This package allows to generate synthetic tabular data for AMR using Variational AutoEncoders and Conditional Variational AutoEncoders. The modules allow to build and train the models, generate new data starting from real ones, and test their quality and validity through the SDMetrics package.

  1. Overview
  2. Contents
  3. Prerequisites
  4. Installation
  5. Usage
  6. Graphics
  7. Author
  8. Citation

Overview

Antimicrobial Resistance (AMR) occurs when microbes like bacteria, viruses, and fungi develop the ability to withstand antimicrobial treatments (drugs used to treat infections), increasing the risk of disease spread, severe illness and death.
Matrix-assisted laser desorption/ionization–time of flight (MALDI-TOF) mass spectrometry can be used to rapidly identify microbial species [2]. A recent work [4] has shown that machine learning-based method may be applied to MALDI-TOF spectra of bacteria to test antimicrobial susceptibility (or resistance), thus allowing more suitable treatment decisions in a clinical context. Since real data are often not enough to properly train a machine learning model (and thus to make correct predictions), the use of synthetic data is becoming increasingly important.

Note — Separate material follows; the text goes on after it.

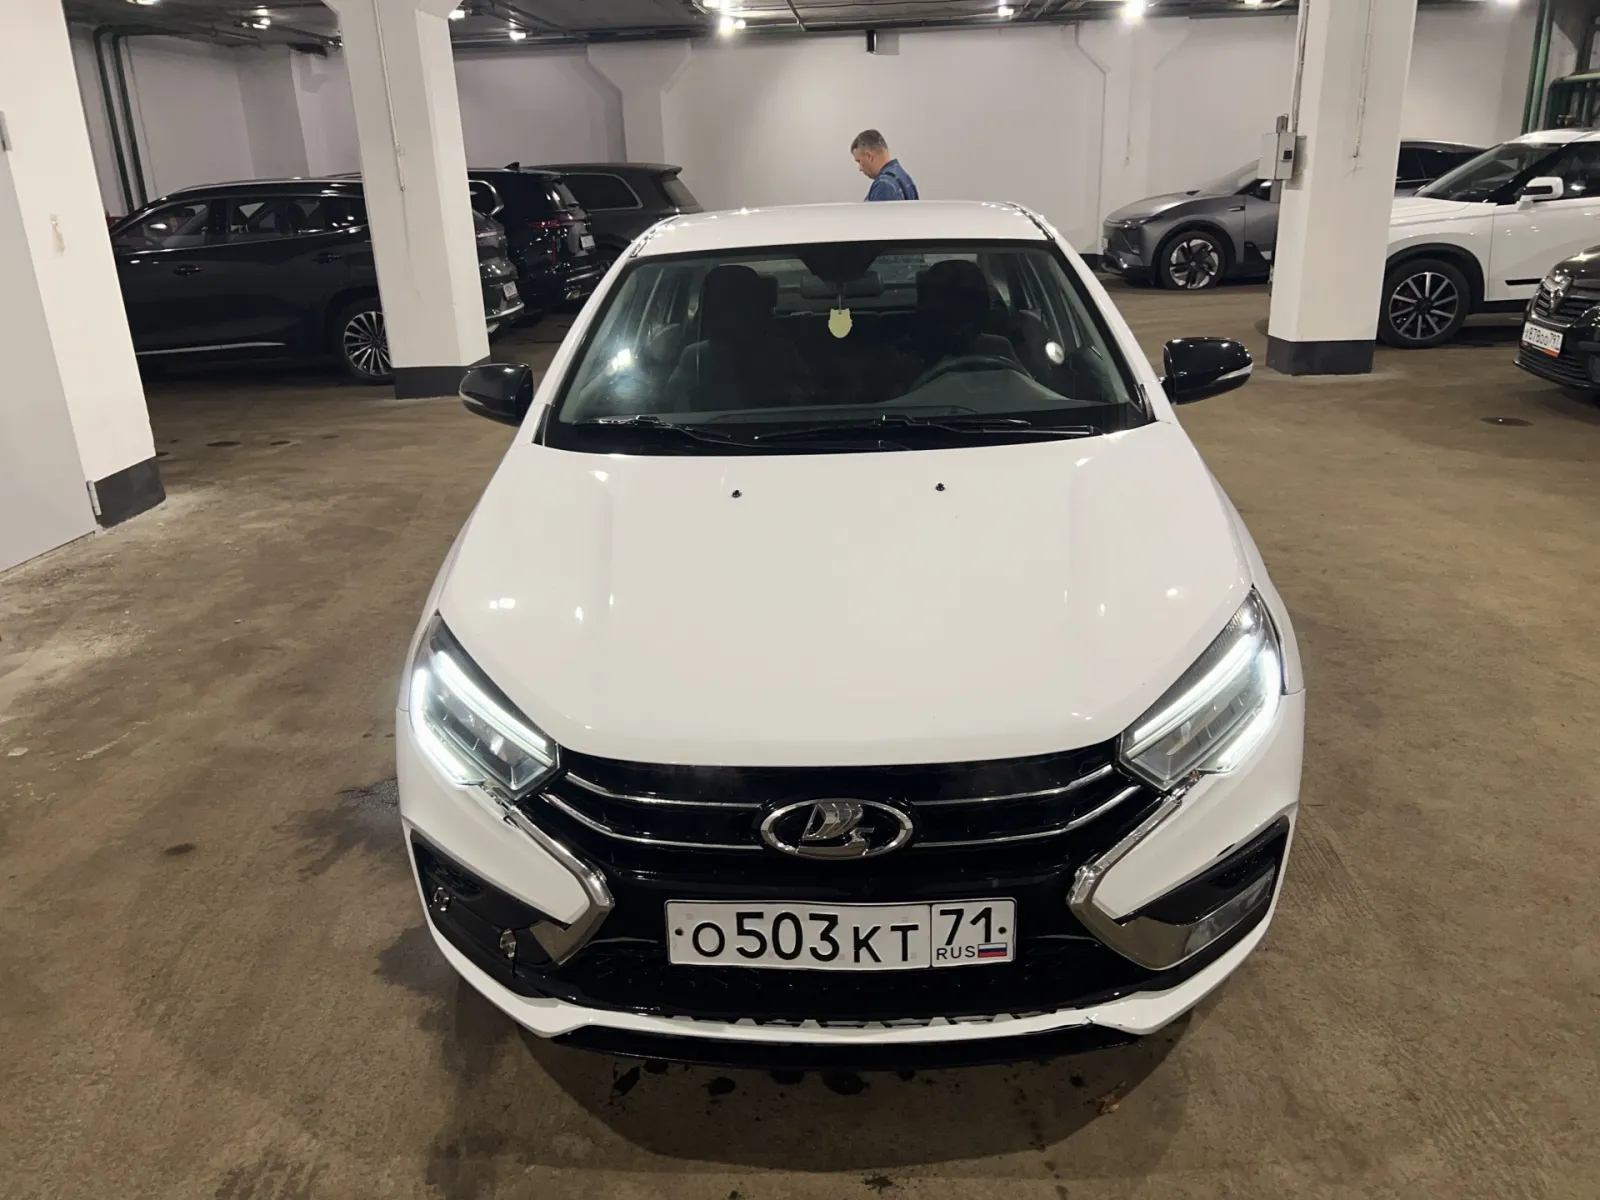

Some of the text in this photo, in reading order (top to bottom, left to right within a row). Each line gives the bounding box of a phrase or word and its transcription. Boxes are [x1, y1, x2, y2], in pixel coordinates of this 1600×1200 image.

[692, 907, 993, 963] О503КТ 71
[936, 945, 976, 960] RUS
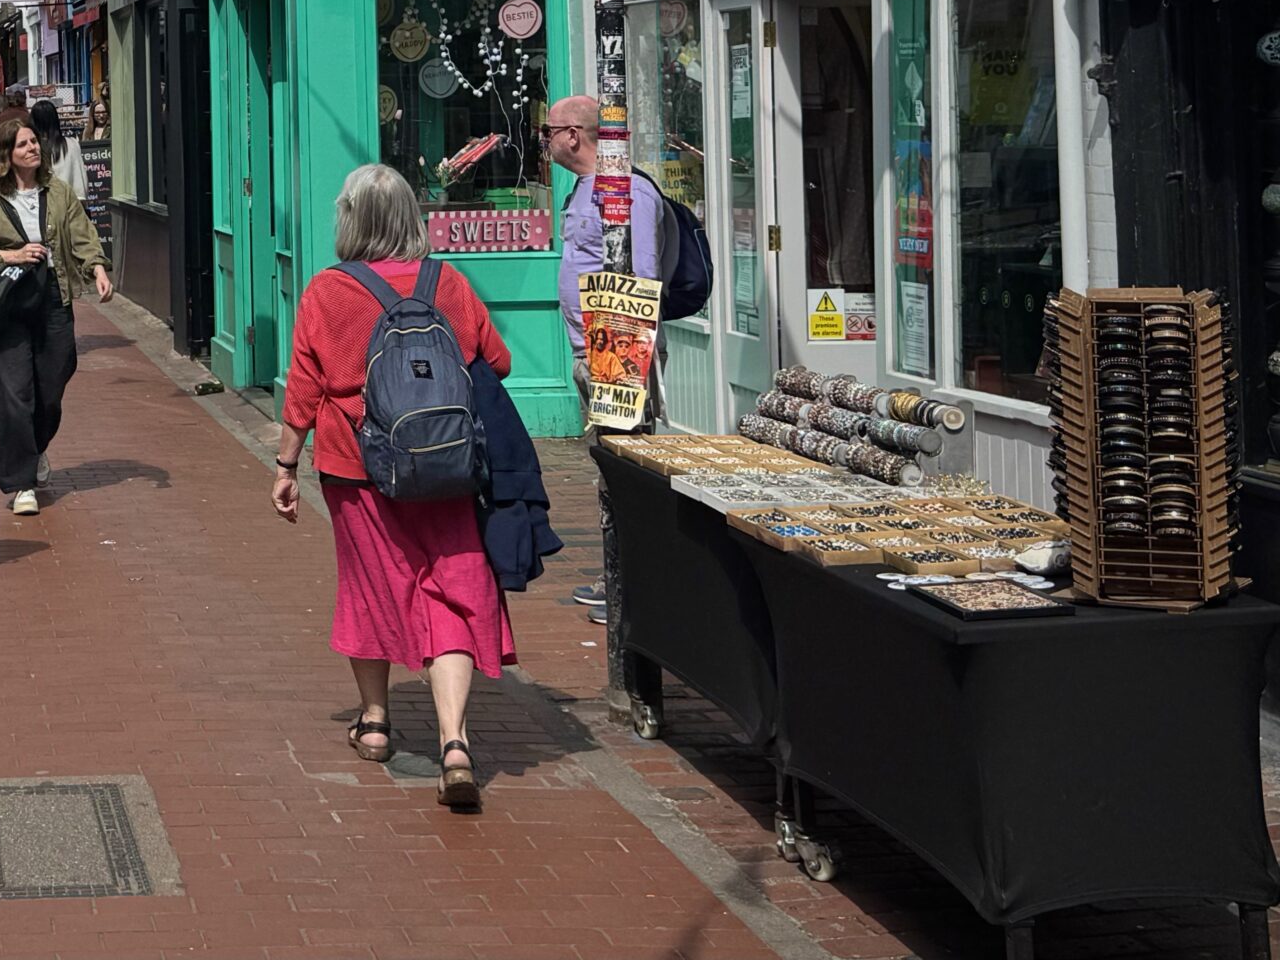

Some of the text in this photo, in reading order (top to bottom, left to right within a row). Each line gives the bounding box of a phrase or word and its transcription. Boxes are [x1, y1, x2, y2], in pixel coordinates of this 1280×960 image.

This work will provide a model based on Variational AutoEncoders (VAEs) and Conditional AutoEncoders (CVAEs) to generate new synthetic sets of data, and will also test their goodness w.r.t. the original dataset using consolidated metrics.

Keywords: synthetic data, mass spectrometry, MALDI-TOF, bacteria, bacteriology, antimicrobial resistance, AMR.

References

[1] Bielow C, Aiche S, Andreotti S, Reinert K. MSSimulator: Simulation of Mass Spectrometry Data. Journal of Proteome Research 2011 10 (7), 2922-2929. doi: 10.1021/pr200155f.

[2] Seng P, Drancourt M, Gouriet F, La Scola B, Fournier PE, Rolain JM, Raoult D. Ongoing revolution in bacteriology: routine identification of bacteria by matrix-assisted laser desorption ionization time-of-flight mass spectrometry. Clin Infect Dis. 2009 Aug 15;49(4):543-51. doi: 10.1086/600885. PMID: 19583519.

[3] Sohn K, Lee H, Yan X. Learning Structured Output Representation using Deep Conditional Generative Models. Advances in Neural Information Processing Systems 28 (NIPS 2015). https://proceedings.neurips.cc/paper_files/paper/2015/file/8d55a249e6baa5c06772297520da2051-Paper.pdf.

[4] Weis C, Cuénod A, Rieck B et al. Direct antimicrobial resistance prediction from clinical MALDI-TOF mass spectra using machine learning. Nat Med 28, 164–174 (2022). https://doi.org/10.1038/s41591-021-01619-9.

Contents

synthetic-data-for-antimicrobial-resistance is composed of three main modules that allow to generate new synthetic data:

  • train_model.py allow to build and train one or more models based on Conditional Variational AutoEncoders model.
  • generate_data.py allow to generate new set of synthetic data using an existing model.
  • test_metrics.py allow to test the quality and validity of new data w.r.t. the real ones.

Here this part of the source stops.